Penanganan Karhutla 2020 Menjadi Tolak Ukur Kinerja KLHK dan BRG

11 Nov 2019 | 13:48 WIB

Share: Facebook Twitter WhatsApp Telegram

thumbnail

Jakarta (11/11)  -- Anggota DPR RI komisi IV, Slamet seusai kepulangannya pada kunjungan spesifik komisi IV di lokasi kebakaran hutan porpinsi Jambi mengatakan bahwa penanganan kebakaran hutan dan lahan (Karhutla) di Indonesia masih kurang efektif.
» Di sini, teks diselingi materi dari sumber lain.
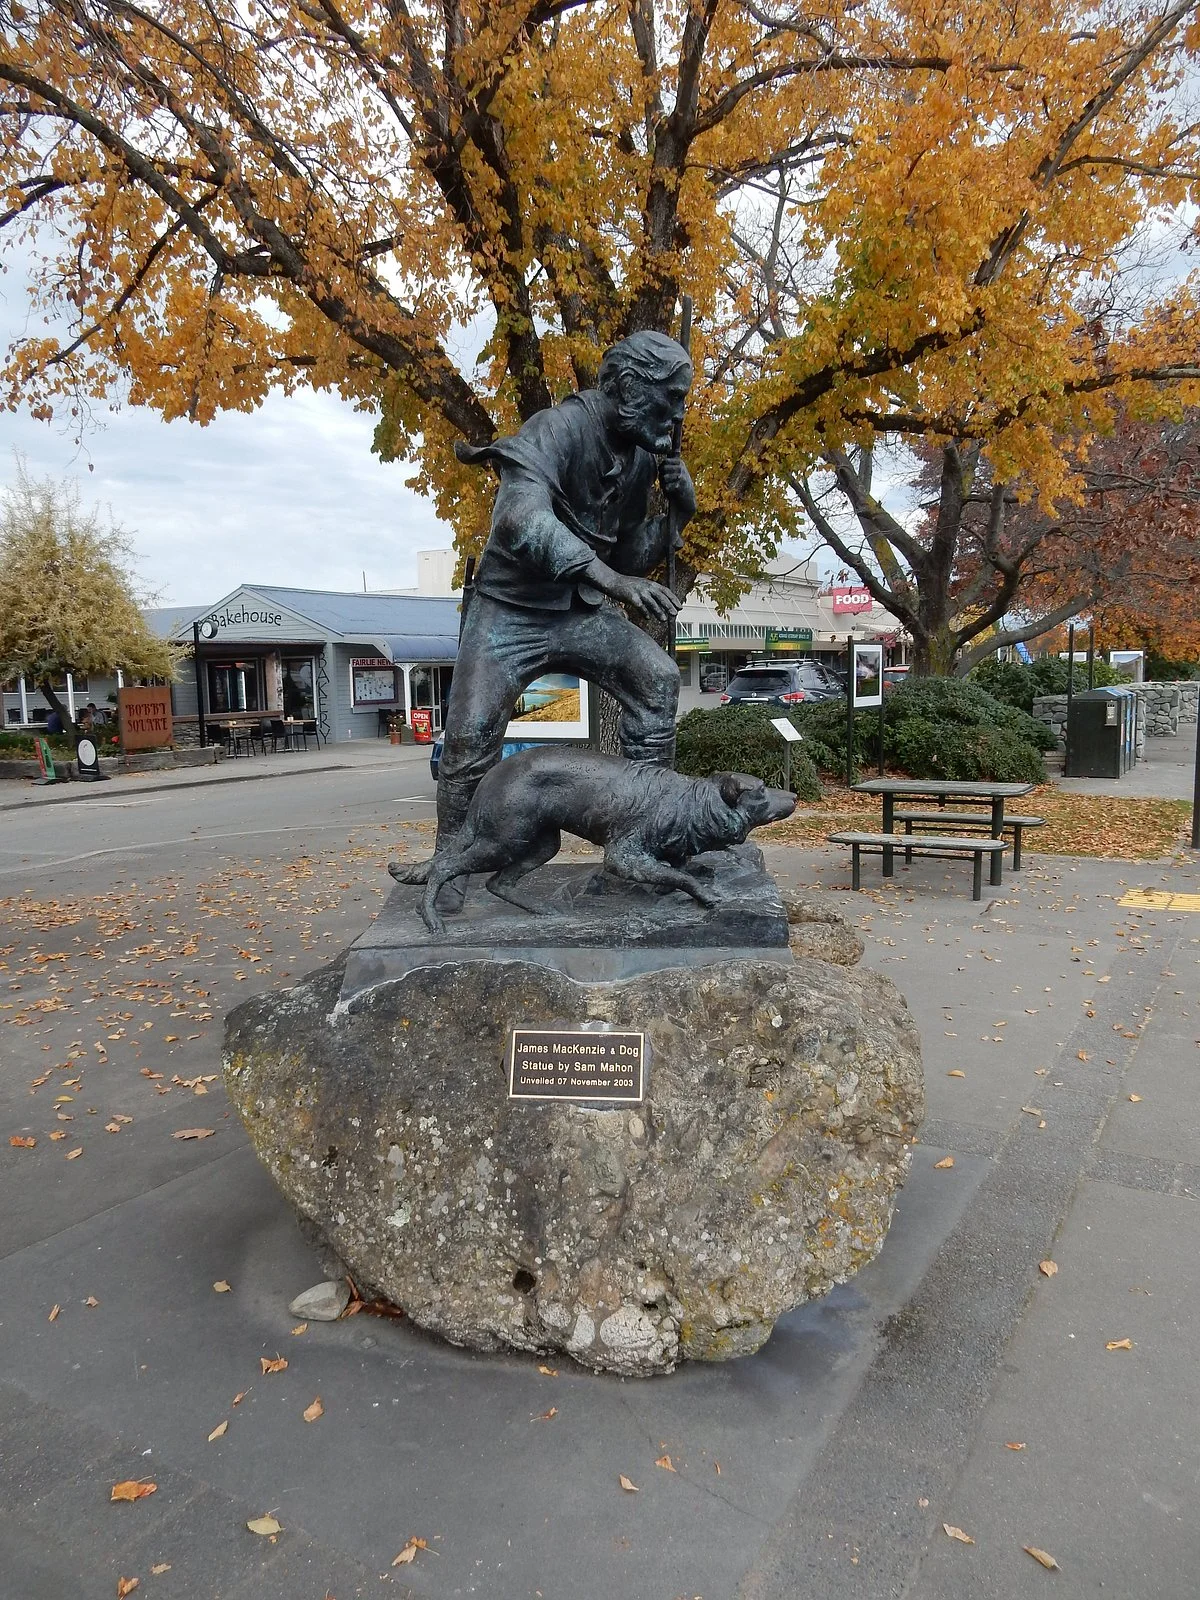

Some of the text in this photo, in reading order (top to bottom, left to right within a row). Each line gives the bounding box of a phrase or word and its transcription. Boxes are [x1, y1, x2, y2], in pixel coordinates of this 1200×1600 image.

[836, 594, 869, 605] FOOD
[211, 604, 281, 628] Bakehouse
[316, 652, 331, 744] BAKERY
[413, 712, 429, 720] OPEN
[127, 717, 168, 732] SQUARE
[517, 1043, 548, 1053] James
[552, 1043, 606, 1055] MacKenzie
[619, 1045, 639, 1058] Dog
[522, 1060, 633, 1072] Statue by Sam Mahon
[520, 1076, 633, 1087] Unveiled 07 November 2003
Kebakaran hutan dan lahan ini kerap terjadi di hampir tiap tahun dan cenderung bertambah luasan lahan yang terbakar. bahkan selama periode 5 tahun terakhir, 2019 merupakan kejadian terbesar kebakaran hutan dan lahan merata di wilayah Indonesia.

“Saya secara pribadi menyampaikan apresiasi kepada para satgas kebakaran yang sudah berupaya memadamkan kebakaran. Mereka bekerja sangat antusias ingin mengembalikan harkat dan martabat bangsa yang tercoreng akibat kabut asap,” ujar legislator Kota dan Kabupaten Sukabumi ini, Sabtu (09/11/2019) di Jakarta.
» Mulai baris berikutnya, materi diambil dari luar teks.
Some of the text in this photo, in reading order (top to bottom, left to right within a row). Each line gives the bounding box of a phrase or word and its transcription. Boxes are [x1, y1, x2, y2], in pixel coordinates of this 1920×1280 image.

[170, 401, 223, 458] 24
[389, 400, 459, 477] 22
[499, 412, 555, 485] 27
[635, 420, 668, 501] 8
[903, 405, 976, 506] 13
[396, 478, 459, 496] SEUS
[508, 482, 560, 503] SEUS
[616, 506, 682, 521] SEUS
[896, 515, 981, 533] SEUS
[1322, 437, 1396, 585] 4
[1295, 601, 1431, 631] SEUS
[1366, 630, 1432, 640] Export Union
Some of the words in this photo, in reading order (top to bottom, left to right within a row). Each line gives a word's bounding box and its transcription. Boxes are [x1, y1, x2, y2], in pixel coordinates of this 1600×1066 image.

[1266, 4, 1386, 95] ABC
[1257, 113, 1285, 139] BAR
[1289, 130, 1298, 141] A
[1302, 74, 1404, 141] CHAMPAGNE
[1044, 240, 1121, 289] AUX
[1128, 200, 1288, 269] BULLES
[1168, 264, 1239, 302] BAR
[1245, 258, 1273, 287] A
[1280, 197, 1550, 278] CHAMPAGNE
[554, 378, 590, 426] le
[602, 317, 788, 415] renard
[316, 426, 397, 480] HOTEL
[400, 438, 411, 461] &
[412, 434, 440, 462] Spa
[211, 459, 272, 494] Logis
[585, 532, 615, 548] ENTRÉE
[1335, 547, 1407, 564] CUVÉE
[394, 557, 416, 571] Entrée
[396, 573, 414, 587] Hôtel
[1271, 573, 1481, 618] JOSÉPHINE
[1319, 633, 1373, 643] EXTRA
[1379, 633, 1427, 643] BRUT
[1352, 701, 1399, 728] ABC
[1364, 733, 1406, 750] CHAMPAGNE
Menurut Slamet, kebakaran hutan dan lahan di propinsi Jambi yang terjadi sejak bulan September 2019 hingga kini, telah melebihi luasan sebesar 86.000-an hektar. Kebakaran terluas, terjadi pada kawasan berizin seperti kawasan lindung, konservasi dan restorasi ekosistem. keadaan ini bukan hanya menghancurkan ekosistem, namun juga memusnahkan satwa yang hidup di dalamnya, terutama kelompok reptil. Banyak satwa besar keluar dari habitatnya masuk ke perkampungan warga seperti harimau dan gajah.
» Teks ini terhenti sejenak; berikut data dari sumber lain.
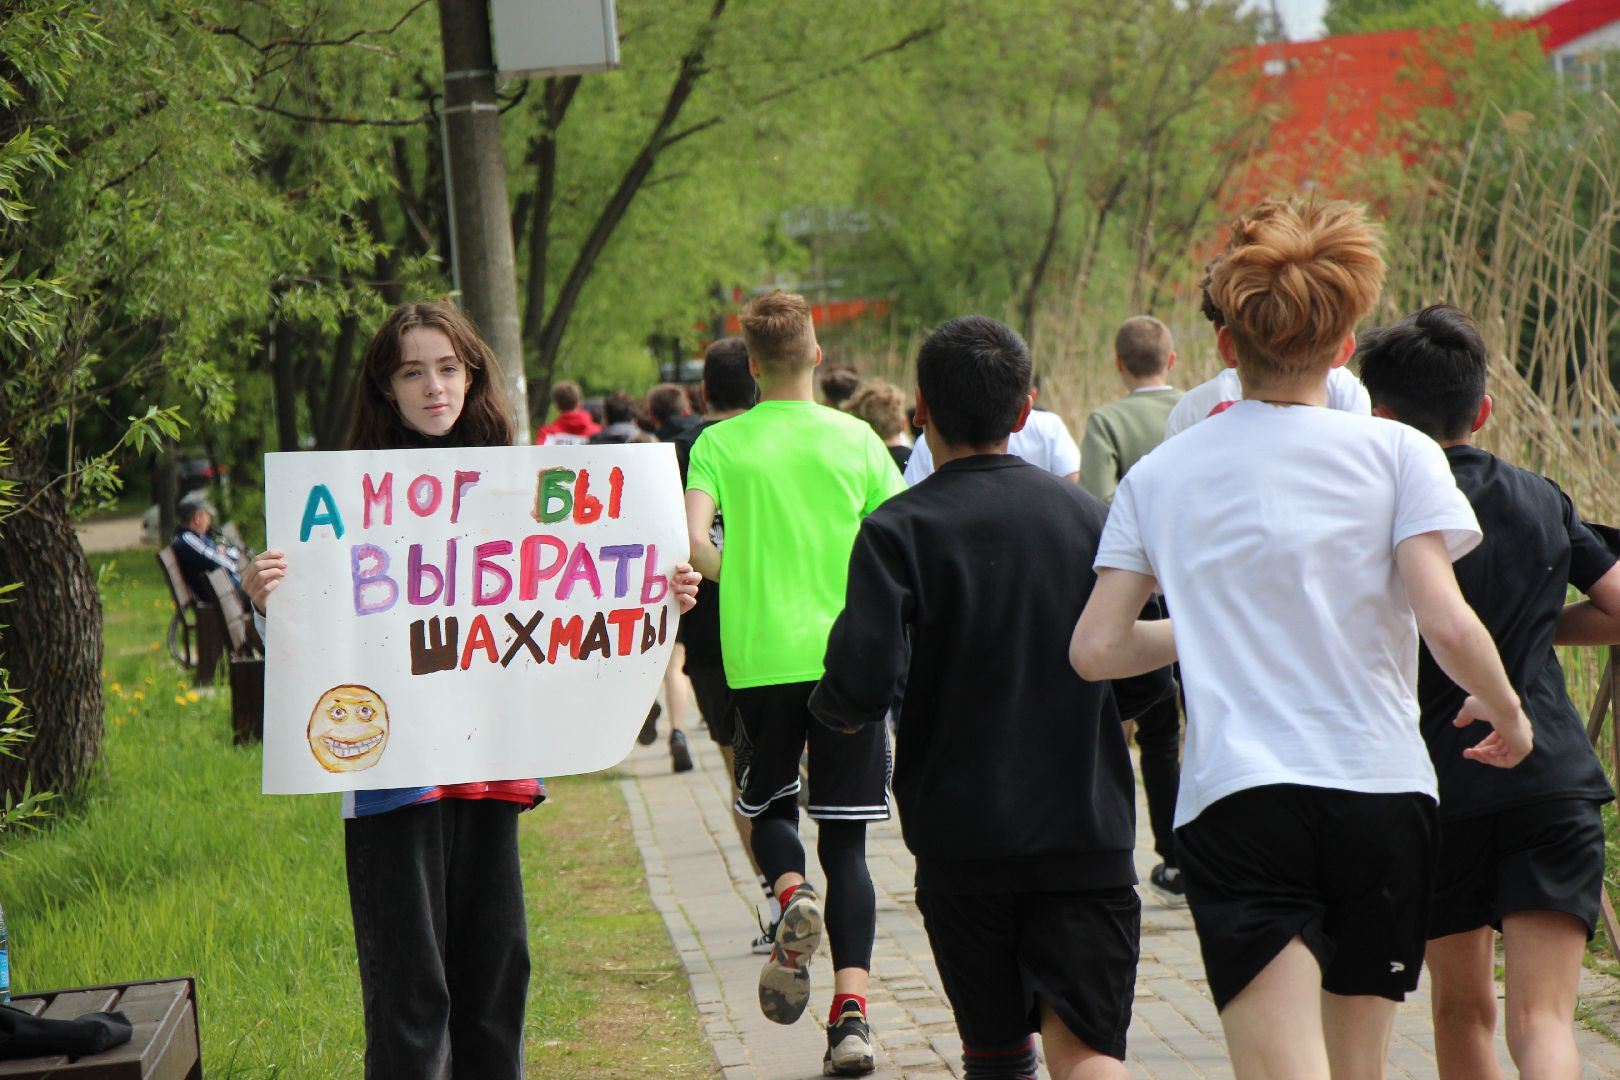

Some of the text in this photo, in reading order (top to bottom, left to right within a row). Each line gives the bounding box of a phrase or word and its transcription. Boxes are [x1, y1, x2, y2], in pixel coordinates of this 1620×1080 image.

[299, 466, 625, 541] А МОГ БЫ
[351, 535, 669, 616] ВЫБРАТЬ
[409, 605, 668, 675] ШАХМАТЫ
Politisi PKS ini mengatakan, kebakaran hutan dan lahan sudah menjadi rutinas jika musim kemarau tiba. Akan tetapi ia belum melihat aksi sesuatu hal yang spetakuler dari pemerintah untuk membangun suatu sistem pencegahan akibat kebakaran hutan ini sehingga ada manajemen terpadu yang sifatnya antisipatif.

Slamet menilai, regulasi penanganan kebakaran hutan dan lahan masih tumpang tindih. Akibatnya, lanjut dia, aturan yang menaungi malah menghambat penanganan karhutla. Selain itu, sambung dia, Badan Restorasi Gambut (BRG), belum memiliki arah yang jelas dalam peranya pada penanganan kahutla. Padahal BRG ini sudah mandiri sebagai badan dengan pengelolaan anggaran secara mandiri.

"Penegakan hukum harus tegas, terutama kepada koorporasi yg secara langsung maupun tidak langsung terlibat dalam pembakaran hutan. Satwa, Flora hingga kehidupan manusia sangat terganggu bahkan mengurangi kualitas hidupnya akibat kabut asap yang ditimbulkannya. Saya berharap, pemerintah segera memiliki alternatif tambahan dalam penanganan karhutla ini", tegasnya.

Slamet menjelaskan,  tahun depan telah diprediksi iklim makin ekstrim. Oleh karena itu, sebaiknya pemerintah dapat mempersiapkan diri dengan kondisi apapun yang akan terjadi di dalam negara kita.

"Perkiraan pada tahun 2020 akan terjadi perubahan iklim yang lebih ekstrim. Antisipasi kebakaran hutan dan lahan harus lebih siap. Dengan persiapan yang lebih kokoh, kita semua dapat berharap, bahwa penangan kebakaran hutan dan lahan dapat diminimalisir. Keberhasilan penanganan Karhutla tahun depan menjadi tolak ukur kinerja Kementerian Lingkungan Hidup bersama dengan BRG" pungkasnya.